By Shawana Alleyne-Morris
(Reuters) - The increase in firearm-related fatalities among U.S. youth has has taken a disproportionate toll in the Black community, which accounted for 47% of gun deaths among children and teens in 2020 despite representing 15% of that age group overall, according to a new analysis.
In 2020, firearms surpassed motor vehicle accidents to become the leading cause of death among U.S. children and teens, according to data from the U.S. Centers for Disease Control and Prevention (CDC). A study published on Tuesday in JAMA used that data to compare burdens among racial and ethnic groups.
Researchers from the U.S. National Institute on Minority Health and Health Disparities assessed long-term gun fatality trends among Black and white children ages 1 to 19, and 2019-2020 data on Hispanic, Native American, Asian and Pacific Island youth.
From 2013 to 2020, firearm-related deaths rose by 108.3% among Black youth and by 47.8% for young whites, with the largest increase occurring between 2019 and 2020, they found.
That year, firearm-related deaths rose by 39.2% among Black youths vs 16.4% for white youths.
The rate of firearm-related deaths per 100,000 U.S. kids in 2020 was 5.2 overall. But it was much higher for Blacks at 17.4 per 100,000, and 9.1 among Native Americans. The rate was 4.01 for Hispanics, 3.4 among whites, and 1.32 among Asian or Pacific Islanders, the investigators said.
Earlier research found that stricter state gun laws are tied to lower rates of childhood firearm deaths. The new study, however, did not examine possible reasons for the results or what might be done to reverse the trends.
Dr.

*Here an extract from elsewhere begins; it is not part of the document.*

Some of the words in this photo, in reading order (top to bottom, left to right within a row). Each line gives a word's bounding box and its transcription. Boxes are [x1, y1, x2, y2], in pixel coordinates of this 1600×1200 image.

Rebecca Cunningham of the University of Michigan, who has studied youth firearm deaths but was not involved in the current analysis, said more funding is needed to identify ways to prevent these deaths.

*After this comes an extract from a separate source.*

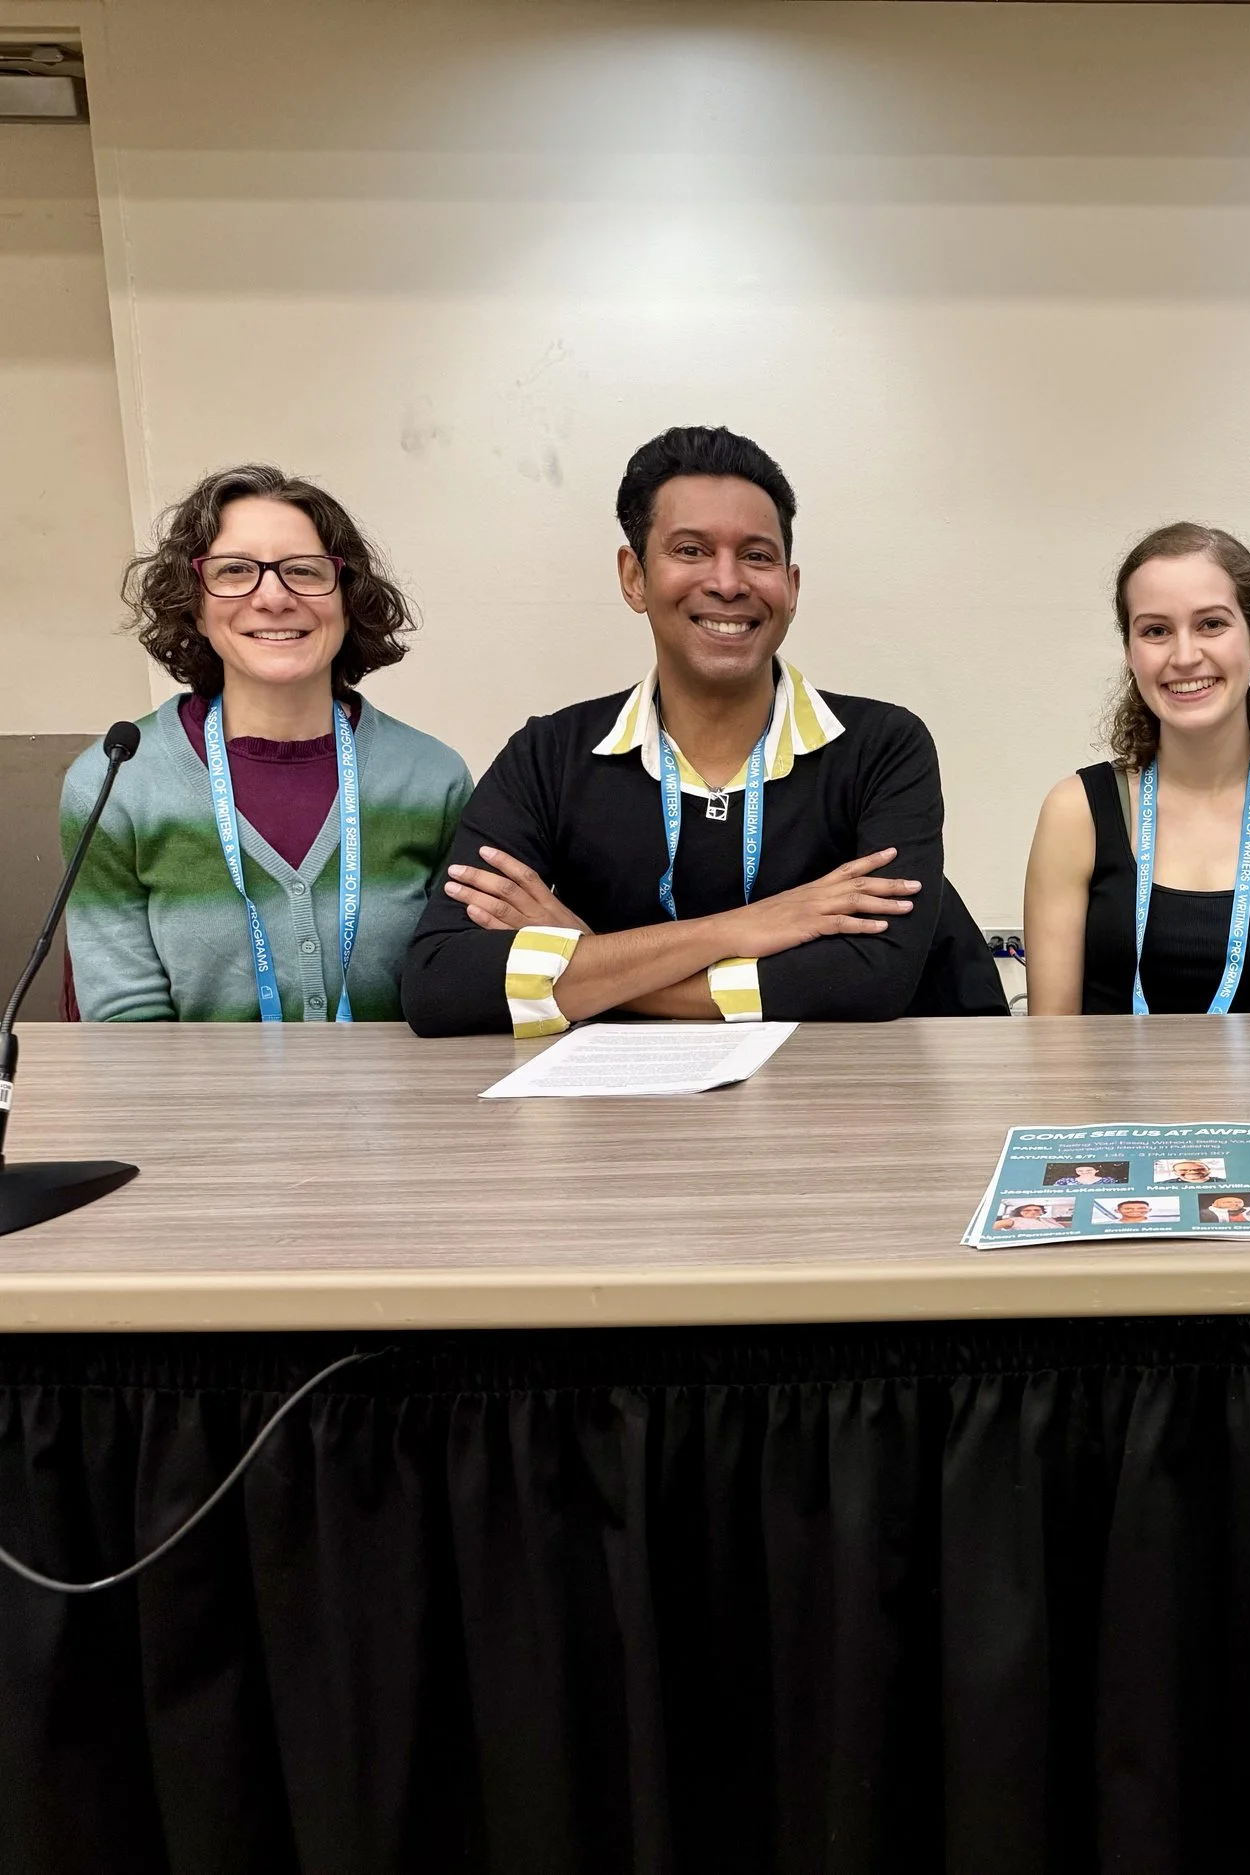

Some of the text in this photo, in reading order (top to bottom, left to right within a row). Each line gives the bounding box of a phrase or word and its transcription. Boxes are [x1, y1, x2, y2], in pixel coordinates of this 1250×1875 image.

"In the past few years, the CDC and National Institutes of Health combined have funded about $25 million a year in dedicated research on this topic," she said in an email, calling it "a wonderful start" but nowhere near the investment needed to address the problem.
"When the country really invests" - as it has for COVID or cancer - "science can generate life-saving solutions," Cunningham said. Funding at the level seen for those diseases, she said, "would support real change in saving lives in communities."